There are many triangle variations but even among them all, there are some things that must happen in order for the choke to work:

  • You must control posture. (Because otherwise your opponent will be able to posture hard and escape easy.)
  • You must control distance. (Because otherwise you will be stacked hard and that will make generating force harder.)
  • You must apply pressure as soon as possible. (Because otherwise you will leave openings for escape setups.)
  • You must effectively block the carotid arteries on both sides of the neck. (Because that’s only way to choke someone out.)

Those laws are simple and irrefutable, but how you accomplish them will depend on your knowledge and imagination.

Jun 21

Technique Brainstorms – Armbar, Triangle and Canto Strangle

Technique Brainstorms - Armbar, Triangle and Canto Strangle

Last week at Randori, we set a drilling challenge for the students. They had to perform at least 100 armbars from closed guard outside of class. It’s a high goal but interesting things happen when you aim high.

That was true in my case.

I joined in on the challenge, and to make it more fun for me, I started playing with variables of the submission. I modified grips, I cycled through variations, and I landed on an interesting possibility. That was the start of the innovation.

The Armbar

As I played with different armbar variations, one of the setups used was a cross sleeve and tricep grip. It was initiated by using hip movement to pass the arm across your belly button to the position where the armbar can be threatened.

There were two issues though.

  1. Once the arm was passed, the arm had to be attacked immediately or a grip had to transfer for posture control.

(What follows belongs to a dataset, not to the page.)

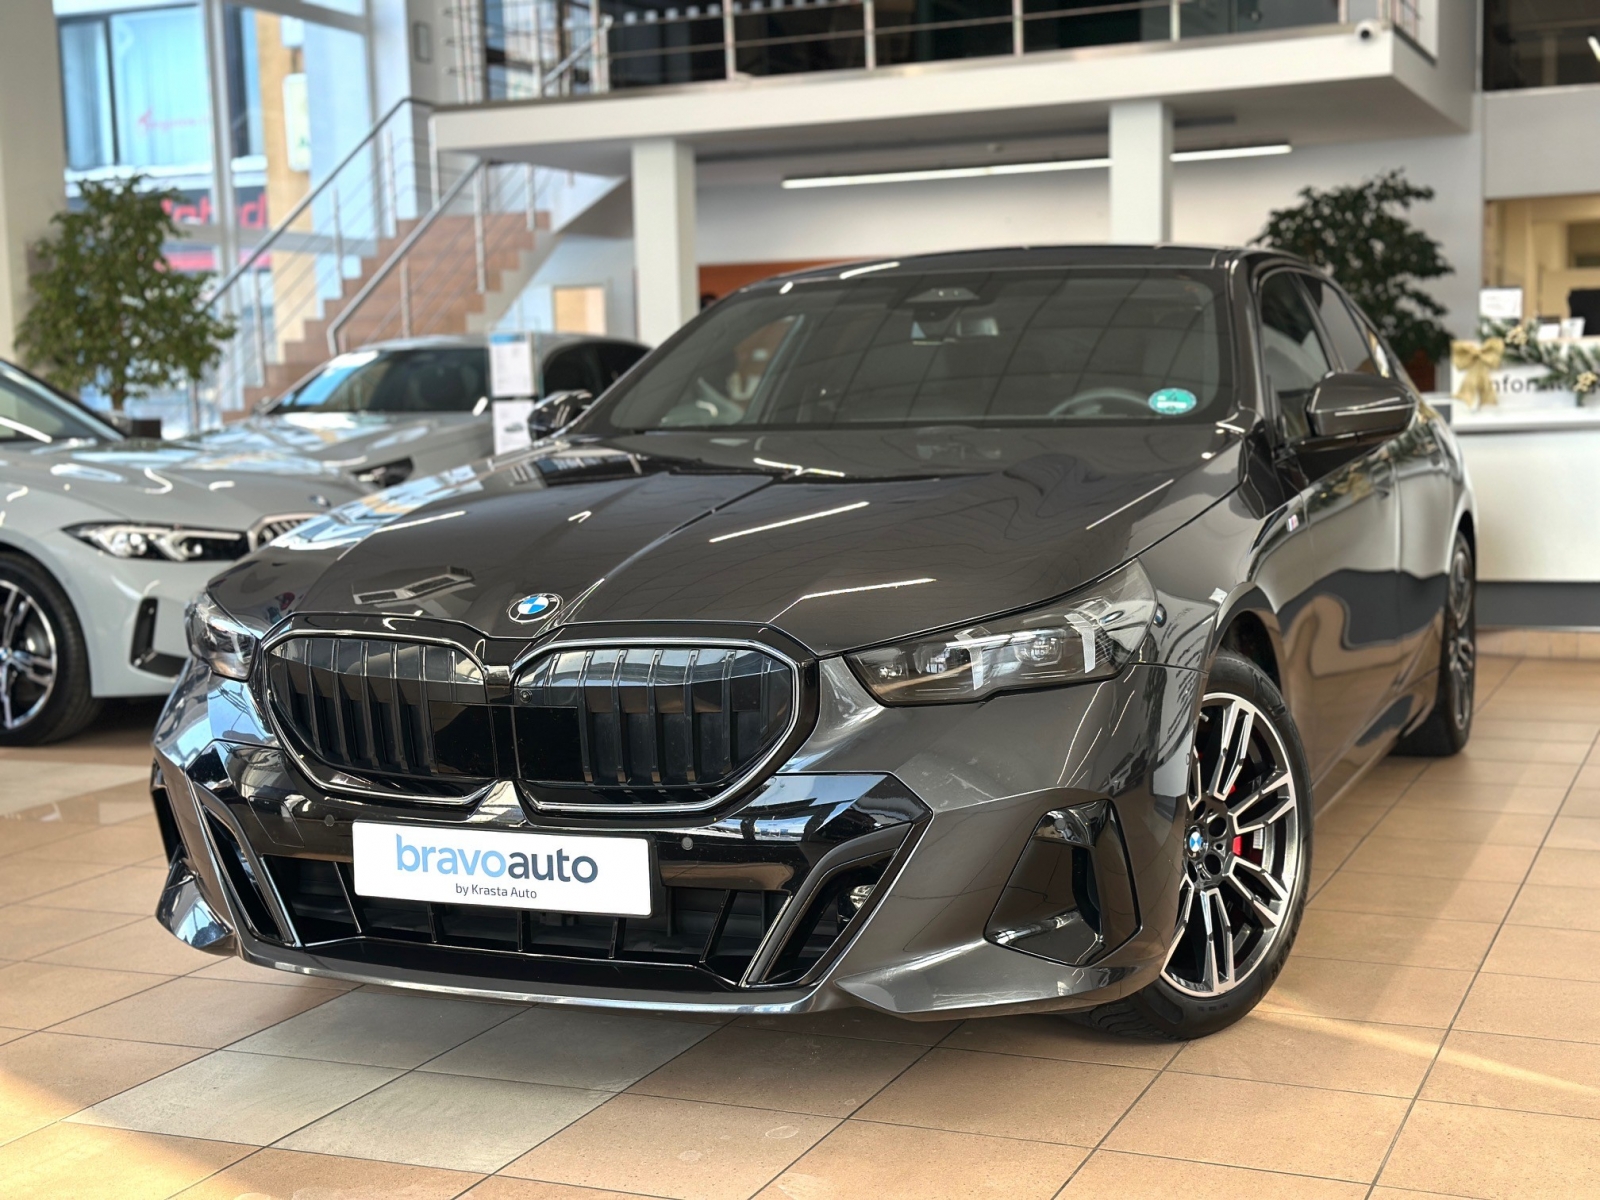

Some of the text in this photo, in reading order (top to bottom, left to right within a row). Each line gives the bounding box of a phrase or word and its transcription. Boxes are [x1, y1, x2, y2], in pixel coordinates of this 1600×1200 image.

[396, 833, 599, 884] bravoauto
[455, 883, 538, 899] by Krasta Auto

It left a wide probability of escape.
  2. The establishment of the two on one grip was a clear trigger. As soon as you grip, they’ll know that you want the arm and they’ll be able to make it difficult.

With those issues identified, the question became: Is there a way to address them? And an answer occurred.

All that was required was the change of a grip and a movement. The hand that was controlling the tricep switched to the collar (palm down). That gave a lot of control over posture, and the sleeve grip by itself is a weaker call for action. That switch though meant that it was no longer possible to easily control their threatened arm. It had become an even battle, arm against arm.

So the solution was to bring the legs into the fight and make it unfair again. Putting both feet on the hips and pushing as you pull with your hands off balances their body, isolates their arm, and makes it easy to transition into the attack.

The Triangle

For every attack, there is a counter, and understanding the counter opens the door to recounters.

This triangle specifically geared for when someone tried their absolute best to keep their elbow tight to their side. In that case, you exaggerate the pull then release. Their arm will fly back and there will be an opportunity for the triangle.

The Canto Strangle

The canto strangle is an awesome submission. It was only shown to me once, but I’ve wanted it since. For that reason, one of my projects is to figure out a way to make it work for me. This is the current attempt at that goal using the foot on hips to create the required space.